(Phrase grounding data)
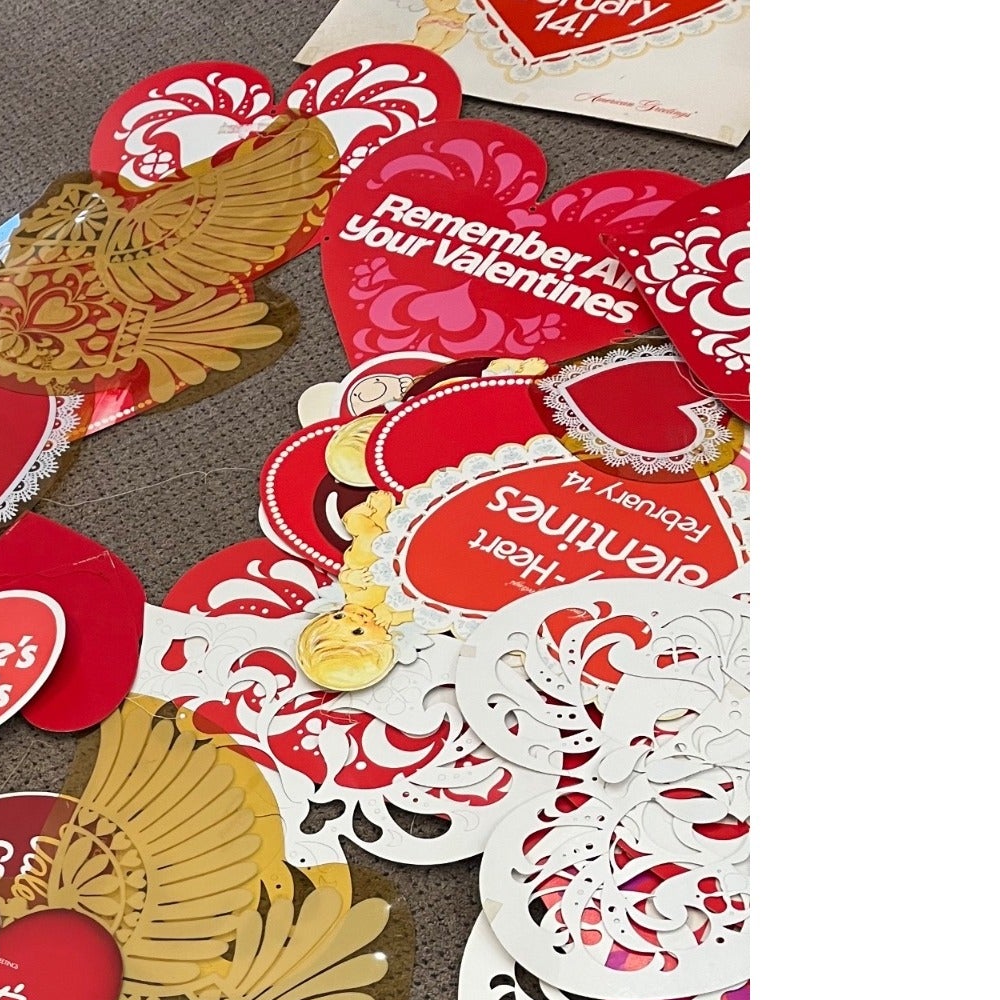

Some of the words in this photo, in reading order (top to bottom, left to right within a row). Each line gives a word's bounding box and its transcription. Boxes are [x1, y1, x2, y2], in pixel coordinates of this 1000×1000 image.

[533, 7, 599, 38] 14!
[372, 193, 592, 273] Remember
[339, 214, 435, 258] your
[432, 238, 640, 325] Valentines
[561, 470, 594, 494] 14
[596, 481, 712, 544] February
[467, 529, 566, 586] -Heart
[485, 485, 710, 588] alentines

* **Exercise directions**: Go through the entries above and output them exactly, without pictures.

* **Exercise response**:
Some of the words in this photo, in reading order (top to bottom, left to right within a row). Each line gives a word's bounding box and its transcription. Boxes are [x1, y1, x2, y2], in pixel coordinates of this 1000×1000 image.

[533, 7, 599, 38] 14!
[372, 193, 592, 273] Remember
[339, 214, 435, 258] your
[432, 238, 640, 325] Valentines
[561, 470, 594, 494] 14
[596, 481, 712, 544] February
[467, 529, 566, 586] -Heart
[485, 485, 710, 588] alentines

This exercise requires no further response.